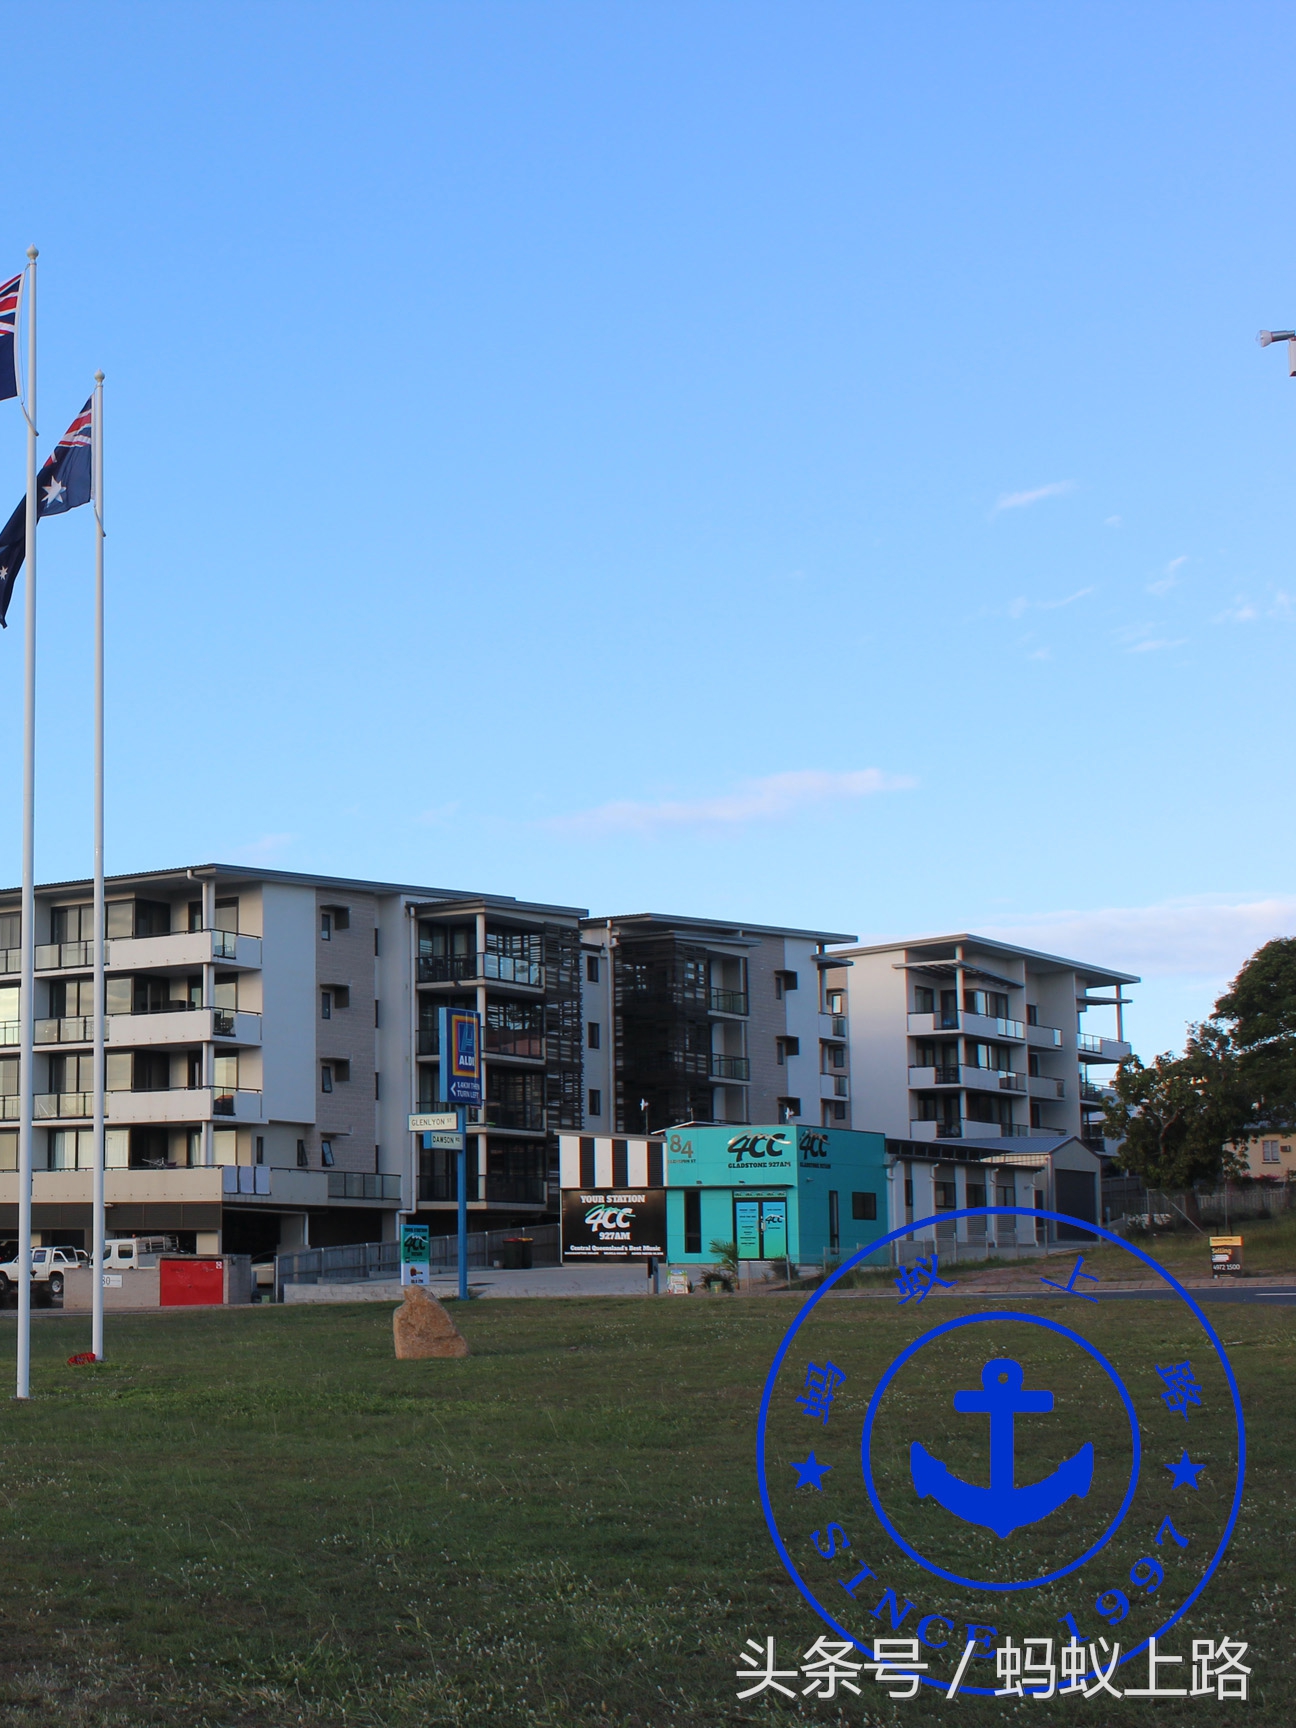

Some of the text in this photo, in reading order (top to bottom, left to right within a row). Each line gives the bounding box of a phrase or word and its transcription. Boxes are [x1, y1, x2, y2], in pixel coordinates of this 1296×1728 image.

[459, 1055, 475, 1066] ALDI
[411, 1118, 445, 1126] GLENLYON
[670, 1134, 694, 1158] 84
[727, 1130, 792, 1163] 4CC
[799, 1129, 831, 1160] 4CC
[580, 1194, 646, 1203] YOUR STATION
[585, 1204, 636, 1232] 4CC
[599, 1232, 631, 1240] 927AM
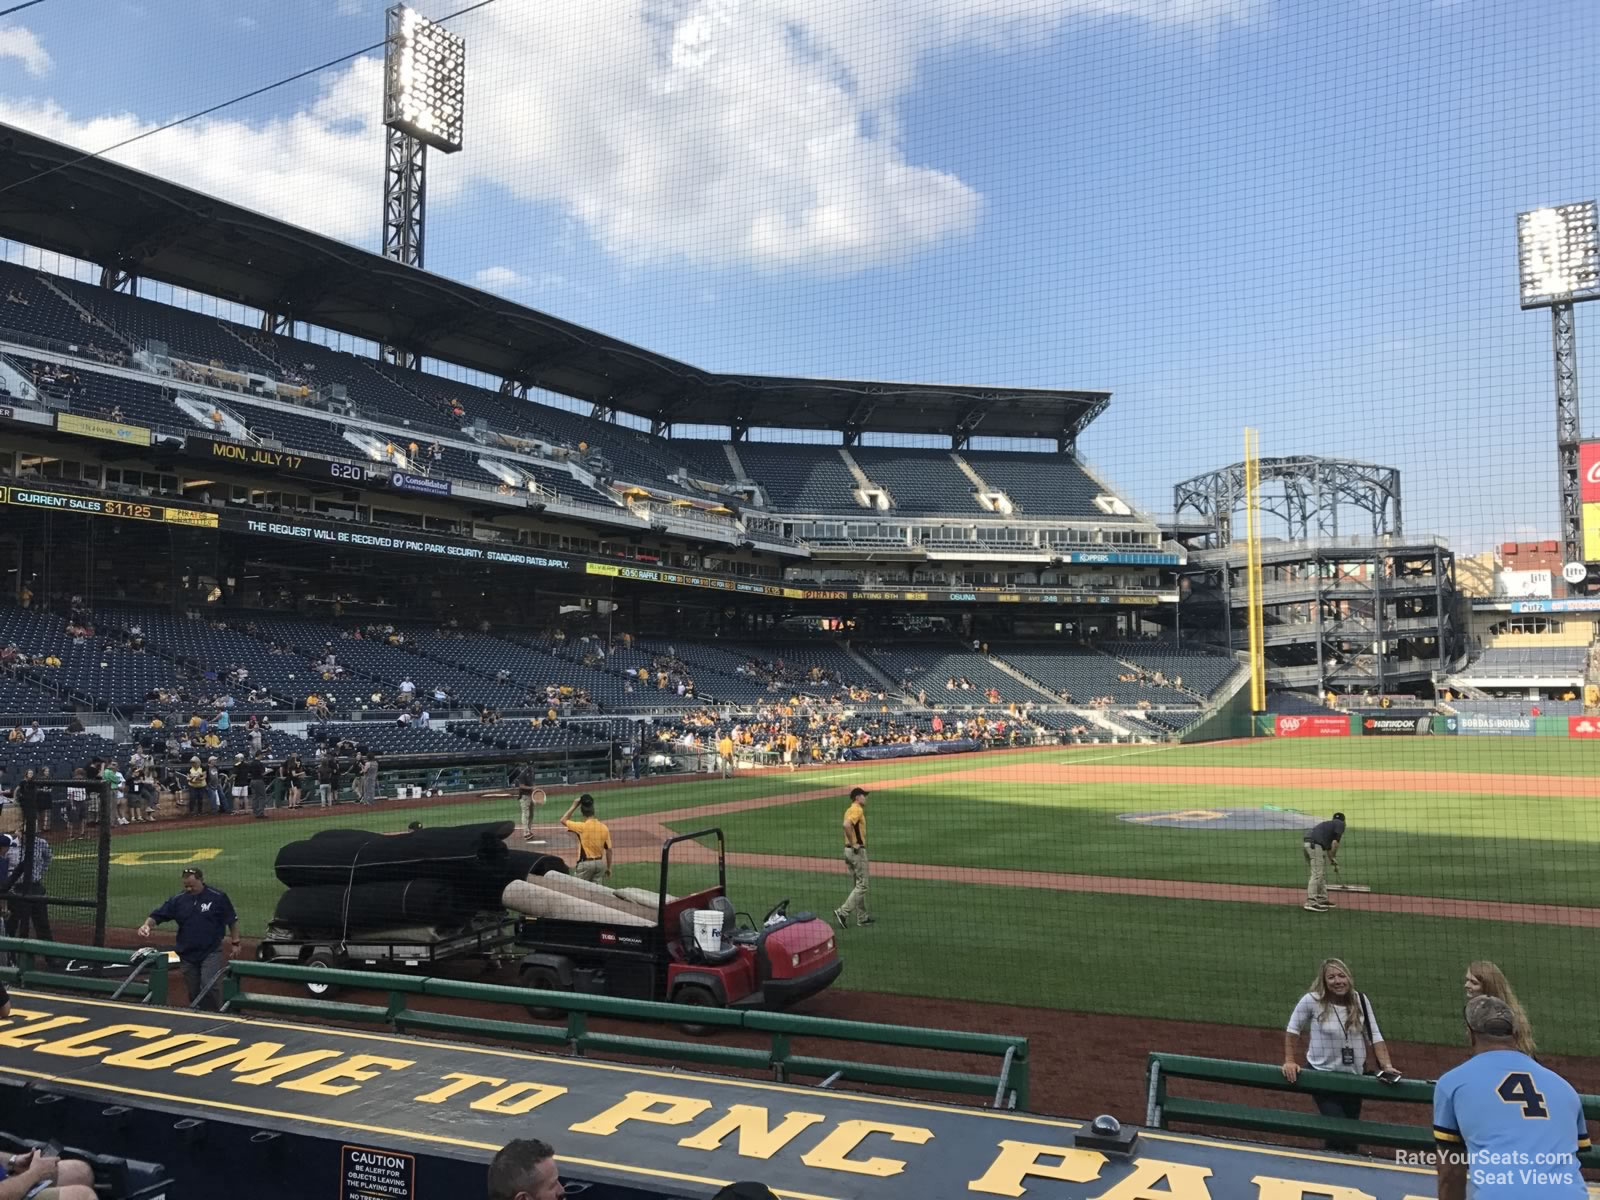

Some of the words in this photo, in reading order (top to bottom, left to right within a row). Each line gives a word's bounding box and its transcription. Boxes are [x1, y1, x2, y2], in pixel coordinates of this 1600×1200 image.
.....
• **WHAT YOU ARE ASKED TO DO**: Drop the pictures and set down the data above exactly.

• **SOLUTION TO THIS EXERCISE**:
Some of the text in this photo, in reading order (top to bottom, left to right within a row). Each line gives the bounding box of a phrase or word and its transcription. Boxes are [x1, y1, x2, y2], in pixel coordinates of this 1296×1728 image.

[459, 1055, 475, 1066] ALDI
[411, 1118, 445, 1126] GLENLYON
[670, 1134, 694, 1158] 84
[727, 1130, 792, 1163] 4CC
[799, 1129, 831, 1160] 4CC
[580, 1194, 646, 1203] YOUR STATION
[585, 1204, 636, 1232] 4CC
[599, 1232, 631, 1240] 927AM

Some of the words in this photo, in reading order (top to bottom, left to right within a row). Each line gives a word's bounding box and its transcription. Boxes are [x1, y1, x2, y2], in pixel coordinates of this 1600×1200 image.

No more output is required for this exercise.